The 2017–18 Gibraltar Premier Division was the 119th season of the top-tier national football league in Gibraltar, as well as the fifth season since the Gibraltar Football Association joined UEFA in 2013. The league was contested by ten clubs. It began on 26 September 2017 and ended on 3 June 2018.

Europa were the defending champions, having ended a fourteen-year winning streak for Lincoln Red Imps. This season also saw three clubs from Gibraltar competing in European competition for the first time. Lincoln won their 23rd title on 19 May 2018 with two games to spare, after a 7–1 victory over Lions Gibraltar.

==Format==
The ten Premier Division clubs played each other three times for a total of 27 matches each. The tenth-placed team in the league would be relegated and the ninth-placed team in the league would enter a playoff with the second-placed team from the Second Division for a place in the 2018–19 Premier Division.

The champions earned a place in the preliminary round of the 2018–19 Champions League, and the second–placed club earned a place in the preliminary round of the 2018–19 Europa League.
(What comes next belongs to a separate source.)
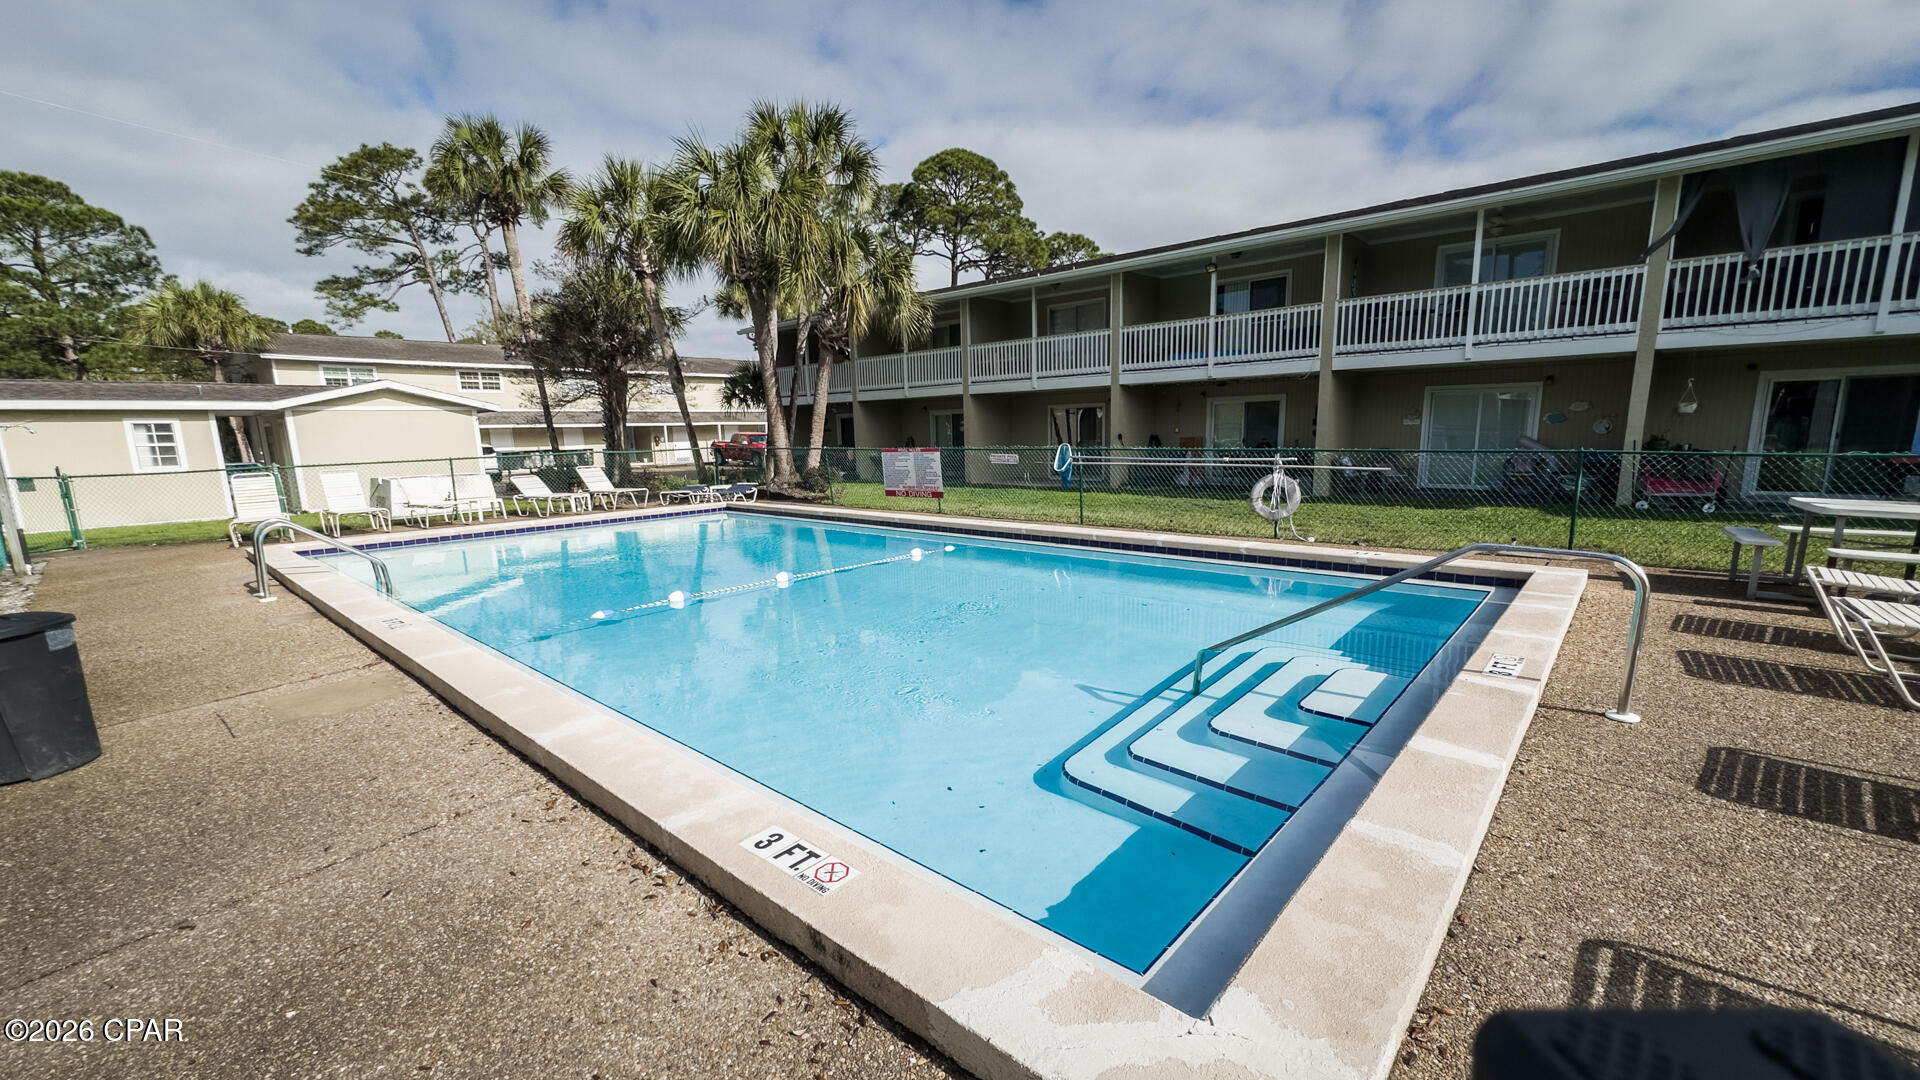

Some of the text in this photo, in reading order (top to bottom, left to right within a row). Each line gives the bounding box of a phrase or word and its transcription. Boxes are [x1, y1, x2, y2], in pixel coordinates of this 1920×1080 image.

This season, the league entered a winter break from December to February while renovations took place on Victoria Stadium.

==Teams==

At the conclusion of the previous season, Europa Point was relegated. As the champions of the Second Division, Gibraltar Phoenix earned promotion to the league this season. Manchester 62 earned the right to stay in the Premier Division by winning a playoff at the end of the previous season.

| Club | Finishing position 2016–17 |
|---|---|
| Europa FC | 1st (champions) |
| Gibraltar Phoenix | 1st in Second division (Promoted) |
| Gibraltar United | 7th |
| Glacis United | 4th |
| Lincoln Red Imps | 2nd |
| Lions Gibraltar | 8th |
| Lynx | 6th |
| Manchester 62 | 9th |
| Mons Calpe | 5th |
| St Joseph's | 3rd |

===Personnel and kits===

Note: Flags indicate national team as has been defined under FIFA eligibility rules. Players may hold more than one non-FIFA nationality.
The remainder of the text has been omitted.